Changing data types


#1

I spend a lot of my time dealing with data in different formats which I need to be able to convert into a different format, (eg converting a list of maps into a map of maps) so that I can do something with it. A topic on changing between different data formats would be really useful.

Please vote. Comments are encouraged!

  • :thumbsup: Yes, please teach this!
  • :thumbsdown: No, I’m not interested.

0 voters


#2

Great topic! Data transformation is huge! So important and so many things to know.

I have plenty to say but I want to make sure I’m hitting the things you’re having trouble with. It would help me if you had a couple of example problems you’re dealing with. Otherwise, I’ll just talk about what I think is important.
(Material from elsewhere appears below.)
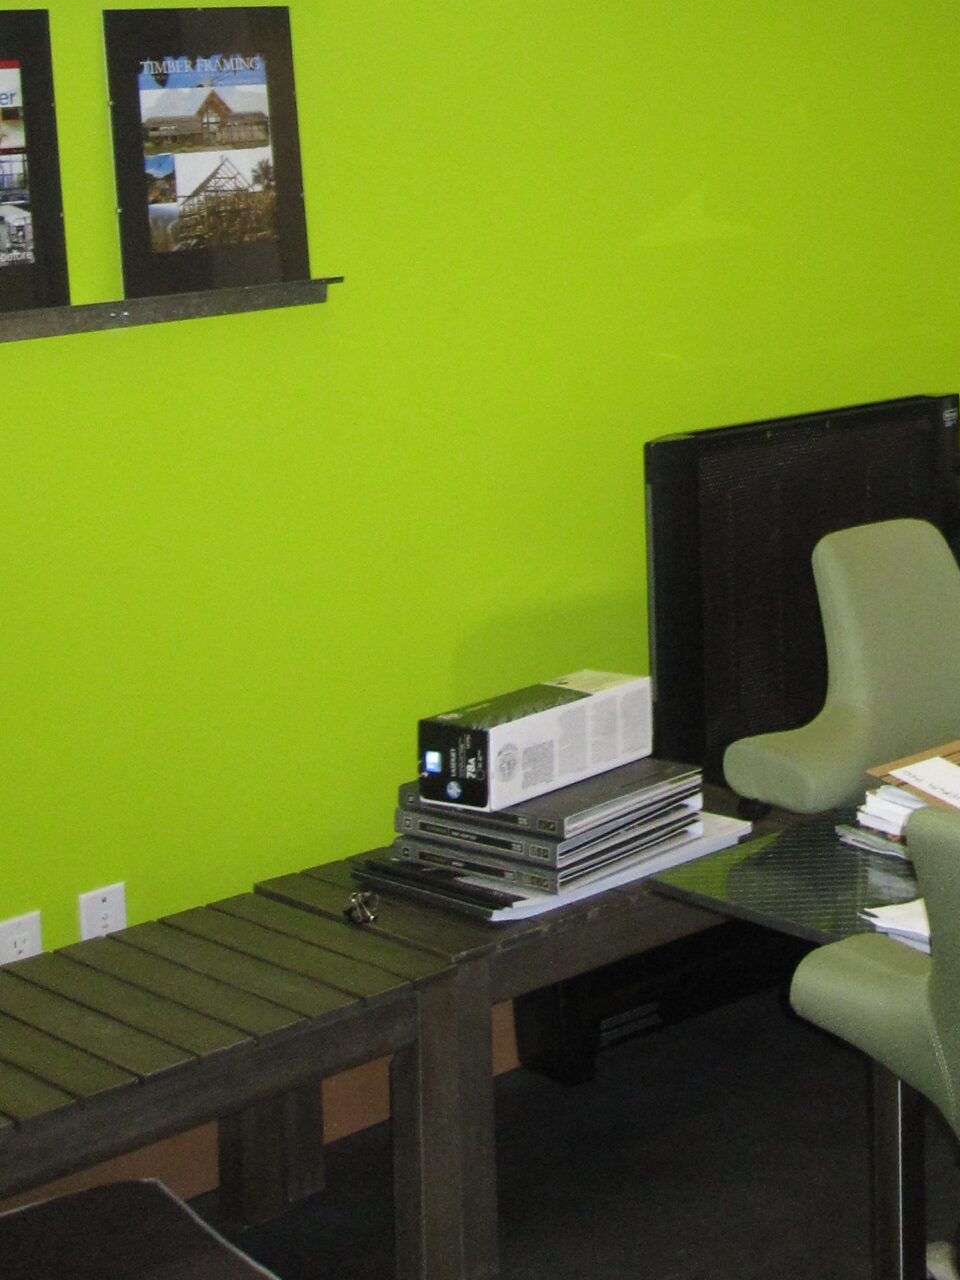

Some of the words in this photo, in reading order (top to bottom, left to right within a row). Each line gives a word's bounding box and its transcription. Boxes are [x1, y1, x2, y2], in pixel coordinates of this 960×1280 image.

So, if you (@draven72) or anyone else has some specific things you want out of this topic, please reply!


#3

Hi Eric,

Here are some examples of data structures I’ve been dealing with recently from the Google Analytics and Facebook APIs:

Google Analytics

{:total-results 5, :columns
[{“columnType” “DIMENSION”, “dataType” “STRING”, “name” “ga:SourceMedium”}
{“columnType” “METRIC”, “dataType” “INTEGER”, “name” “ga:sessions”}],
:sampled? false,
:records ({:name “ga:SourceMedium”, :column-type “DIMENSION”, :value “(direct) / (none)”}
{:name “ga:sessions”, :column-type “METRIC”, :value 2})
({:name “ga:SourceMedium”, :column-type “DIMENSION”, :value “ask / organic”}
{:name “ga:sessions”, :column-type “METRIC”, :value 1})
({:name “ga:SourceMedium”, :column-type “DIMENSION”, :value “bing / organic”}
{:name “ga:sessions”, :column-type “METRIC”, :value 1})
({:name “ga:SourceMedium”, :column-type “DIMENSION”, :value “google / organic”}
{:name “ga:sessions”, :column-type “METRIC”, :value 19})
({:name “ga:SourceMedium”, :column-type “DIMENSION”, :value “yahoo / organic”}
{:name “ga:sessions”, :column-type “METRIC”, :value 2})}

Facebook

({:name “post_story_adds_unique”, :values [{:value 3}], :id “12345_67890/insights/post_story_adds_unique/lifetime”} {:name “post_story_adds”, :values [{:value 3}], :id “12345_67890/insights/post_story_adds/lifetime”} {:name “post_impressions_by_paid_non_paid”, :values [{:value {:total 2624, :unpaid 2624, :paid 0}}], :id “12345_67890/insights/post_impressions_by_paid_non_paid/lifetime”} {:name “post_video_length”, :values [{:value{}}], :id “12345_67890/insights/post_video_length/lifetime”} {:name “post_video_avg_time_watched”, :values [{:value 0}], :id “12345_67890/insights/post_video_avg_time_watched/lifetime”} {:name “post_consumptions_unique”, :values [{:value 29}], :id “12345_67890/insights/post_consumptions_unique/lifetime”} {:name “post_consumptions_by_type”, :values [{:value {:other clicks 6, :link clicks 27}}], :id “12345_67890/insights/post_consumptions_by_type/lifetime”} {:name “post_negative_feedback_unique”, :values [{:value 2}], :id “12345_67890/insights/post_negative_feedback_unique/lifetime”})

The Facebook response is really unpleasant to work with as they include spaces in some of their keys, and if a key hasn’t had any clicks it’s returned as an empty map or zero!

What I’ve been working on doing is pulling out the data into a flat file format so that it can be exported as a csv and then imported into a database. Usually I try and get the data into a map of maps, and then map Juxt over the data. For large amounts of data I use Spark, so will then split the data and save it as a text file. For smaller data sets I’m using clojure.data.csv to save the file as a csv.

Regards

Ben


#4

Hi @draven72,

This is a really good question and I haven’t had a chance to answer it to my satisfaction yet. I thought I would but I haven’t.

One pattern I use when I’m cleaning up other people’s data is to make an explicit cleanup function that just normalizes everything. I just keep adding to it until everything is clean.

(defn clean-row [row]
  (-> row
    remove-spaces-in-keys
    convert-0-to-empty-map
    ...))

Then you can map it over all of your rows and only deal with the cleaned up rows.


#5

Thanks Eric, that’s a good idea. I’m working on building a data pipeline for various different sources, so this will come in useful. I’ll also be revisiting the Protocol videos, as I’ve already seen that each source appears to be using a different date format!